Sexual harassment in Australian workplaces is pervasive and damaging, and the legal profession is no exception. The legal profession cannot deny the self-evident truth that sexual harassment is a problem within its own ranks.

Now, if a proposition is a self-evident truth, it does not need the support of any evidence or reasoning. It is simply true, a foundational premise, no proof required. And if the legal profession is prepared to say this in a public submission, and for good measure repeat it in a national release to the news media, as it did last week, then it is little wonder that members of the profession can argue in court, with a straight face, that accusations of sexual abuse do not need any corroboration or the support of plausible evidence — they are credible just by themselves.

Hence, it is not surprising that many representatives of the press take this proposition seriously. Nor is it remarkable that a random selection of twelve people to form a jury will probably include some members who believe it too, plus a few more who can be brought onside after sitting through a trial and the jury’s deliberations.

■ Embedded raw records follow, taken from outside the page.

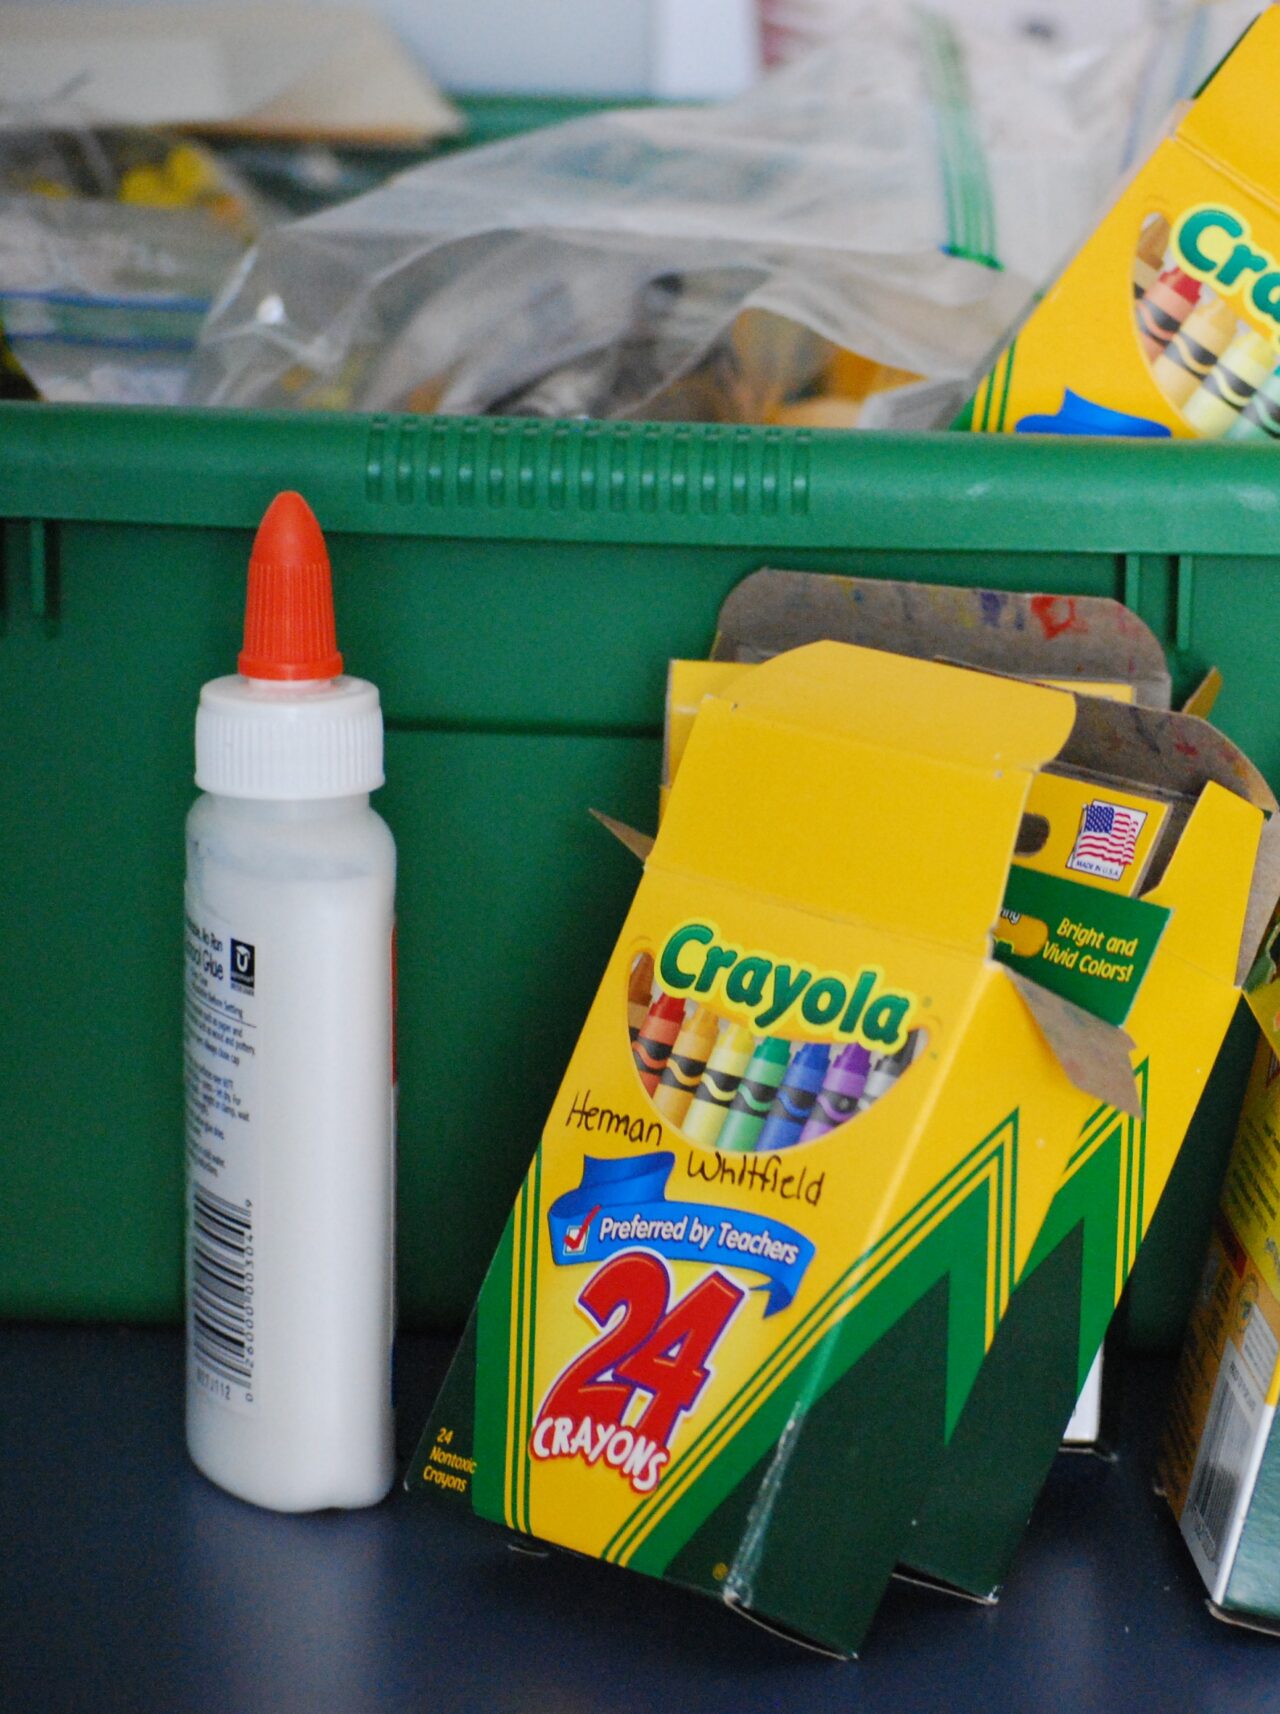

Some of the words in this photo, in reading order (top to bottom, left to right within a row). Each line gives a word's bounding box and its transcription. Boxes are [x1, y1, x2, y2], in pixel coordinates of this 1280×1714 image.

[1057, 917, 1105, 949] Bright
[1106, 934, 1138, 957] and
[203, 949, 224, 981] Glue
[660, 924, 910, 1044] Crayola
[1042, 941, 1079, 969] Vivid
[1079, 954, 1134, 983] Colors!
[565, 1090, 663, 1147] Herman
[687, 1150, 825, 1207] Whitfield
[599, 1216, 688, 1241] Preferred
[689, 1221, 714, 1248] by
[716, 1221, 800, 1264] Teachers
[535, 1248, 747, 1449] 24
[436, 1427, 453, 1446] 24
[531, 1415, 669, 1493] CRAYONS
[422, 1464, 468, 1494] Crayons
[428, 1445, 477, 1476] Nontoxic

If this variety of irrationalism persists, we are in danger of losing not only the concept and practice of a fair trial but the very basis of morality. This way of thinking, once confined to ardent academics in Sociology 101 courses, abandons the principle that individuals are responsible for their crimes, and transfers blame to the imagined characteristics of the group to which the individual belongs.

That group is defined by the eye of the victimised beholder, be it a social class, a religious flock, a skin colour, or all members of the same sex as the accused. Not so long ago, this stereotyping of people was recognised for what it was and disdained as “tribalism”, “racism”, “sexism”, “anti-Semitism”, and the like. It has now snuck in through the backdoor of our mentality and is at work again undermining our institutional foundations.

28 thoughts on “George Pell and the Jury

  • Richo says:

    They call it socialism by any other name.

  • Peter Smith says:

    While Keith has made a persuasive case as to how we have got where we are, even so, I am still amazed that a jury of twelve could unanimously find George Pell guilty beyond reasonable doubt. At first I thought that there must have been evidence that we did not know about. But since then I have read the accounts of numbers of people with legal expertise and at least one who attended the trial. All speak of the evidence that we know about without at all suggesting that it is incomplete. My conclusion, therefore, is that either Pell was extremely unlucky that twelve singularly limited or prejudiced people were, so to speak, drawn out of the hat, or the population from which the jury was drawn have suffered some collective deficiency in common sense. If that is the case it a reason for dispensing with jury trials; which, in turn, would be yet another indicator of the decaying of our civilisation.

  • Bwana Neusi says:

    To me the greatest travesty to justice was the adoption of “Duty of Care” and with it the replacement of guilty, or guilty to some extent unless the accused could prove or demonstrate otherwise. This was promulgated in the context of safety and the duty of every individual to keep everyone else safe.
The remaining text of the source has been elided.